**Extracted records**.
▬▬▬▬▬▬▬▬▬▬

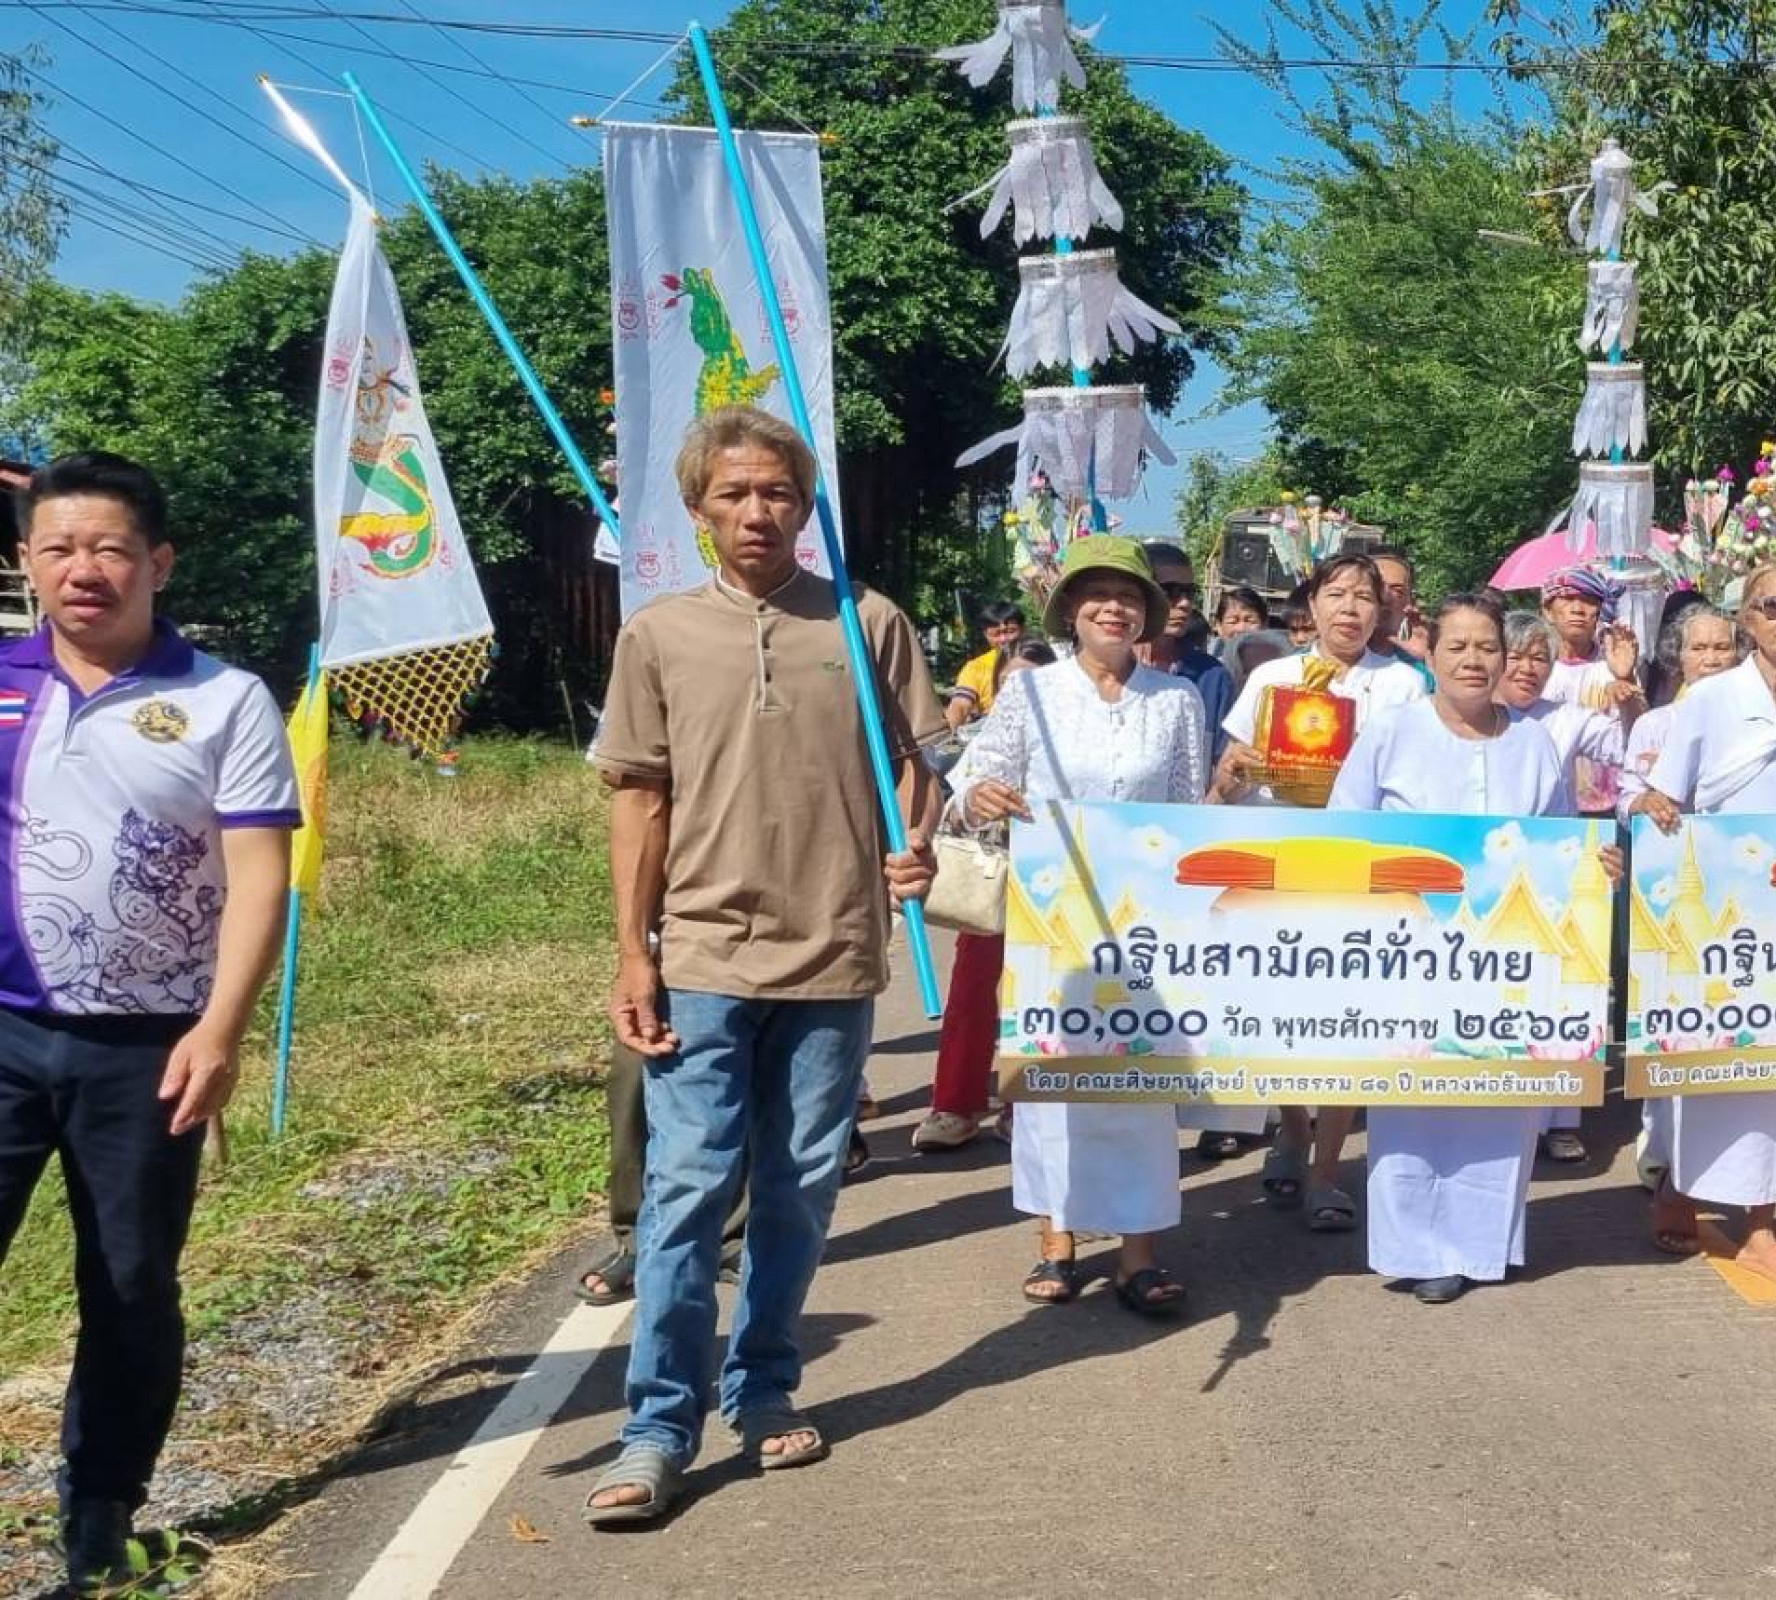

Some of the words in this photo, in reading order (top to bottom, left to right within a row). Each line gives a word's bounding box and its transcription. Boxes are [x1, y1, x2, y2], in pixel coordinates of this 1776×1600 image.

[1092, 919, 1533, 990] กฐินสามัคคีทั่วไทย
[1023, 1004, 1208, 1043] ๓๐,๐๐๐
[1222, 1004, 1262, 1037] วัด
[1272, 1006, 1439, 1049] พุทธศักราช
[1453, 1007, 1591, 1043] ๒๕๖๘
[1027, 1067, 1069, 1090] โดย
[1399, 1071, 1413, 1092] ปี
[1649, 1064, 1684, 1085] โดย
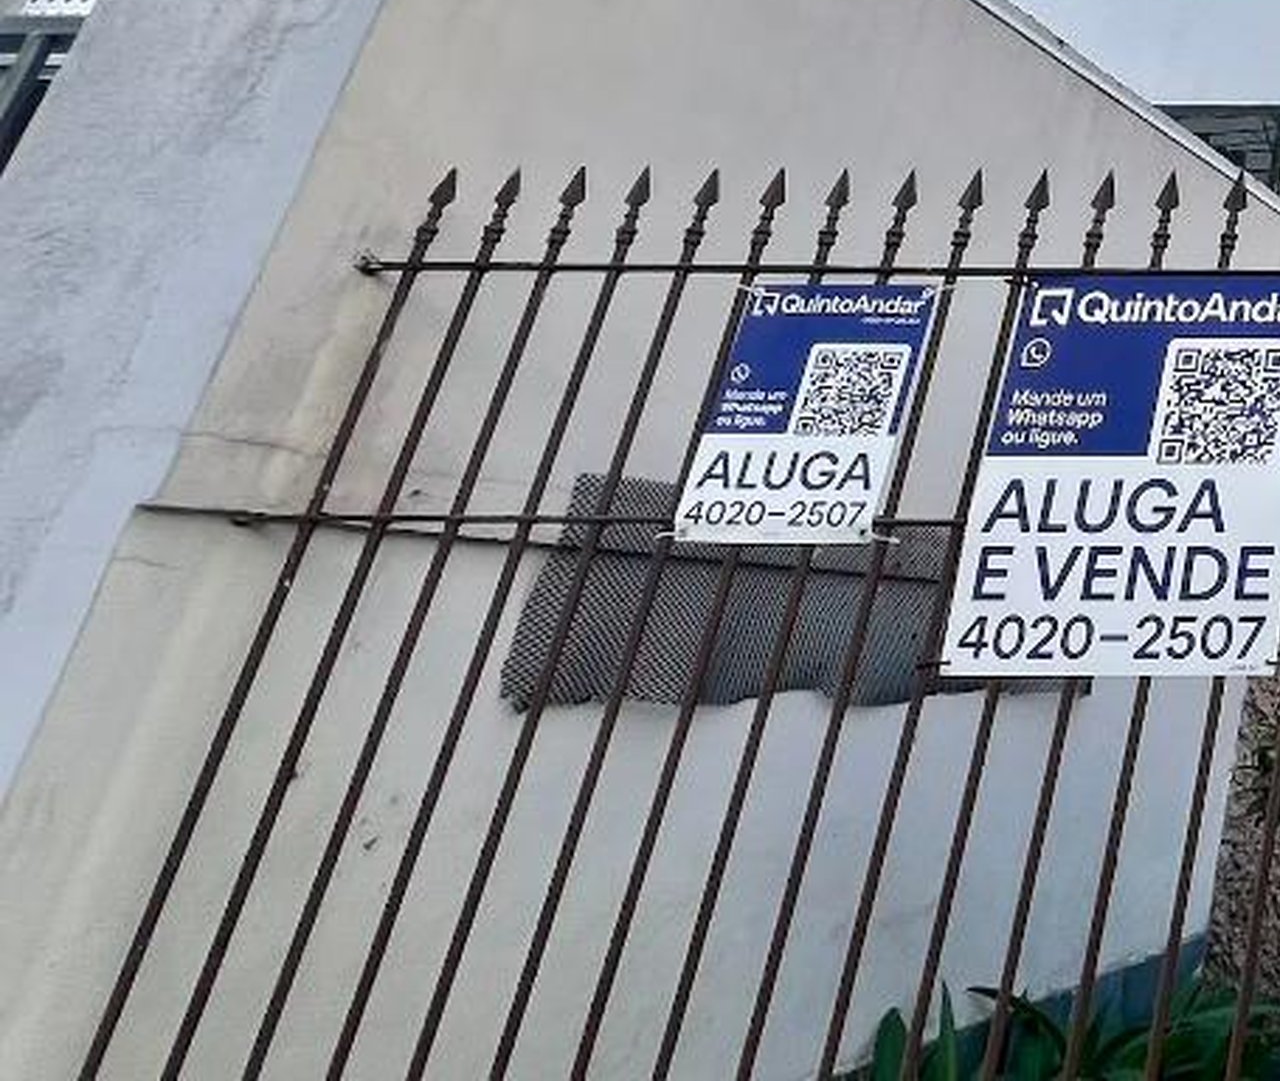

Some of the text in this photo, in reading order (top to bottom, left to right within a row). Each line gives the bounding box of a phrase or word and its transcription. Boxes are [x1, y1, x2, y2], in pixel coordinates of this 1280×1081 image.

▬▬▬▬▬▬▬▬▬▬

**TASK ITEM**.
Each line above should be written out again exactly, without any image.

**REPLY**.
Some of the words in this photo, in reading order (top to bottom, left to right within a row). Each line gives a word's bounding box and its transcription. Boxes are [x1, y1, x2, y2], in pixel coordinates of this 1776×1600 image.

[1092, 919, 1533, 990] กฐินสามัคคีทั่วไทย
[1023, 1004, 1208, 1043] ๓๐,๐๐๐
[1222, 1004, 1262, 1037] วัด
[1272, 1006, 1439, 1049] พุทธศักราช
[1453, 1007, 1591, 1043] ๒๕๖๘
[1027, 1067, 1069, 1090] โดย
[1399, 1071, 1413, 1092] ปี
[1649, 1064, 1684, 1085] โดย

Some of the text in this photo, in reading order (top to bottom, left to right within a row). Each line gives the bounding box of a phrase or word and its transcription. Boxes are [x1, y1, x2, y2], in pixel coordinates of this 1280×1081 image.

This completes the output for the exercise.